• **Work task**
Copy the data that follows, character for character, minus the pictures.

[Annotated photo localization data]
_ _ _ _

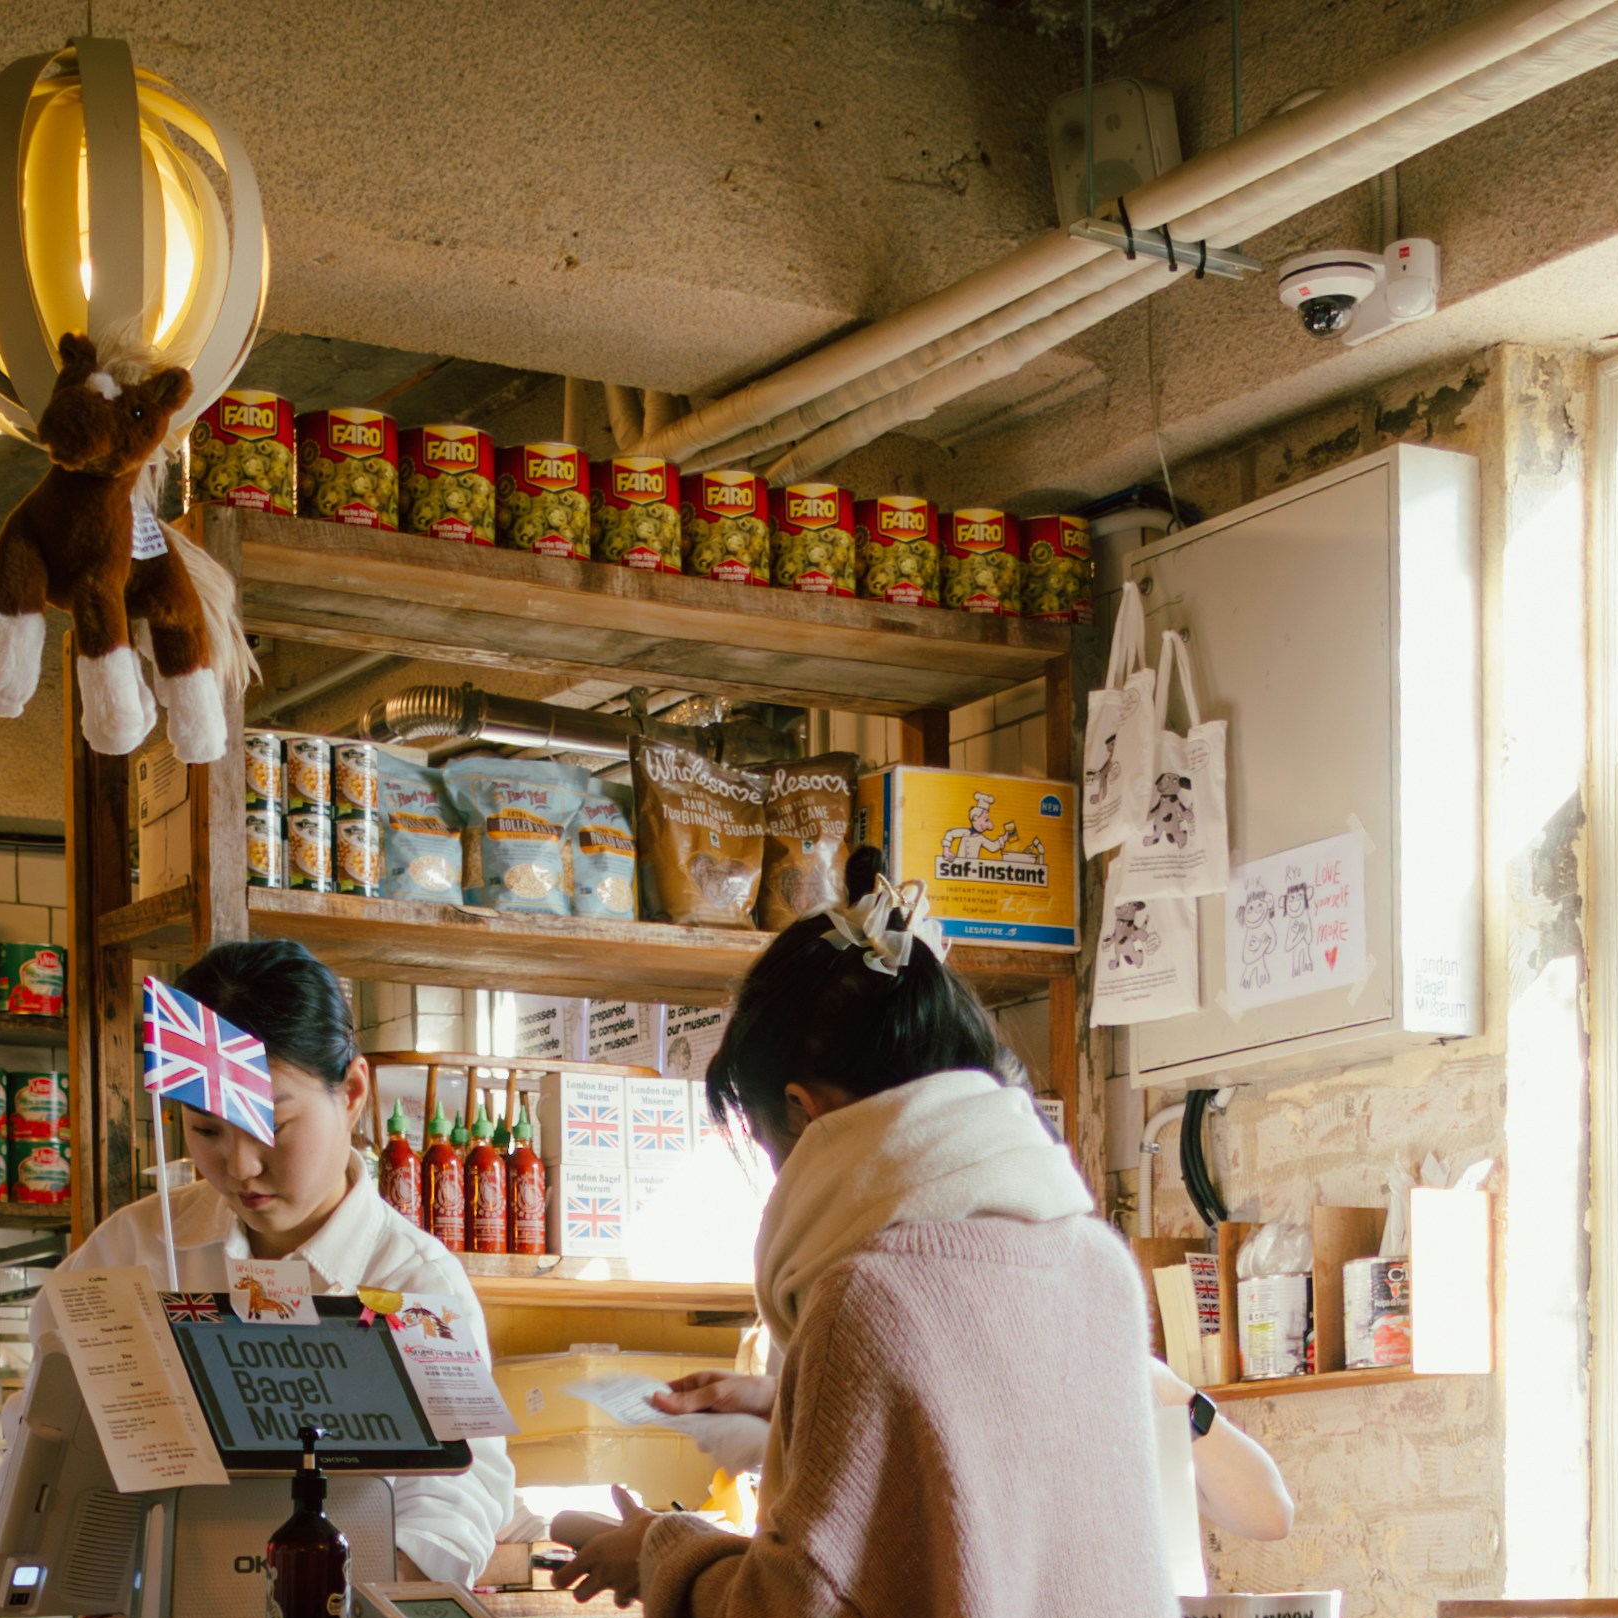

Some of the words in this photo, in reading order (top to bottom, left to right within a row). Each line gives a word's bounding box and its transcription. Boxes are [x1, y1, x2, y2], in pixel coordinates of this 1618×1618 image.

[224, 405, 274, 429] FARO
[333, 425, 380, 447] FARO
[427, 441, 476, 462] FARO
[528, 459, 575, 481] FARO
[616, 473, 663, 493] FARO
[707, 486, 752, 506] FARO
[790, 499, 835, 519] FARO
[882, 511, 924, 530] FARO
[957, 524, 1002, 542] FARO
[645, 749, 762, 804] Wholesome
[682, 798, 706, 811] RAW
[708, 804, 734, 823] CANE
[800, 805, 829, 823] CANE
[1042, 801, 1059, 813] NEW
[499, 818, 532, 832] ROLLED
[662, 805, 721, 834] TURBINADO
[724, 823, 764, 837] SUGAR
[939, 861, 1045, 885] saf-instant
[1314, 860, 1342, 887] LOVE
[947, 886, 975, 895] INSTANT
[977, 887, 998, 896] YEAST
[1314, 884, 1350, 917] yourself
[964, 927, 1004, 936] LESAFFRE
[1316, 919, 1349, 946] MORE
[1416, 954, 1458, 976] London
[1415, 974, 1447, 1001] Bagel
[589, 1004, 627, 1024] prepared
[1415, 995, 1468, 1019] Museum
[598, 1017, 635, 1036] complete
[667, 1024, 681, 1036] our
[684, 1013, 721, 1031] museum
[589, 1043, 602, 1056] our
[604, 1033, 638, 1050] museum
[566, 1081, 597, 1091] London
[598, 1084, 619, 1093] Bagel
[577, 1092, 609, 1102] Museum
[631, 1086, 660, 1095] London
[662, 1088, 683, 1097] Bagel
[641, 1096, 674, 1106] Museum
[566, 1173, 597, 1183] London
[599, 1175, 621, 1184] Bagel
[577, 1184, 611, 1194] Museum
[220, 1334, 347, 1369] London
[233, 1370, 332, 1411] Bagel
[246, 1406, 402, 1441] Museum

_ _ _ _

• **Expected output**
Some of the words in this photo, in reading order (top to bottom, left to right within a row). Each line gives a word's bounding box and its transcription. Boxes are [x1, y1, x2, y2], in pixel coordinates of this 1618×1618 image.

[224, 405, 274, 429] FARO
[333, 425, 380, 447] FARO
[427, 441, 476, 462] FARO
[528, 459, 575, 481] FARO
[616, 473, 663, 493] FARO
[707, 486, 752, 506] FARO
[790, 499, 835, 519] FARO
[882, 511, 924, 530] FARO
[957, 524, 1002, 542] FARO
[645, 749, 762, 804] Wholesome
[682, 798, 706, 811] RAW
[708, 804, 734, 823] CANE
[800, 805, 829, 823] CANE
[1042, 801, 1059, 813] NEW
[499, 818, 532, 832] ROLLED
[662, 805, 721, 834] TURBINADO
[724, 823, 764, 837] SUGAR
[939, 861, 1045, 885] saf-instant
[1314, 860, 1342, 887] LOVE
[947, 886, 975, 895] INSTANT
[977, 887, 998, 896] YEAST
[1314, 884, 1350, 917] yourself
[964, 927, 1004, 936] LESAFFRE
[1316, 919, 1349, 946] MORE
[1416, 954, 1458, 976] London
[1415, 974, 1447, 1001] Bagel
[589, 1004, 627, 1024] prepared
[1415, 995, 1468, 1019] Museum
[598, 1017, 635, 1036] complete
[667, 1024, 681, 1036] our
[684, 1013, 721, 1031] museum
[589, 1043, 602, 1056] our
[604, 1033, 638, 1050] museum
[566, 1081, 597, 1091] London
[598, 1084, 619, 1093] Bagel
[577, 1092, 609, 1102] Museum
[631, 1086, 660, 1095] London
[662, 1088, 683, 1097] Bagel
[641, 1096, 674, 1106] Museum
[566, 1173, 597, 1183] London
[599, 1175, 621, 1184] Bagel
[577, 1184, 611, 1194] Museum
[220, 1334, 347, 1369] London
[233, 1370, 332, 1411] Bagel
[246, 1406, 402, 1441] Museum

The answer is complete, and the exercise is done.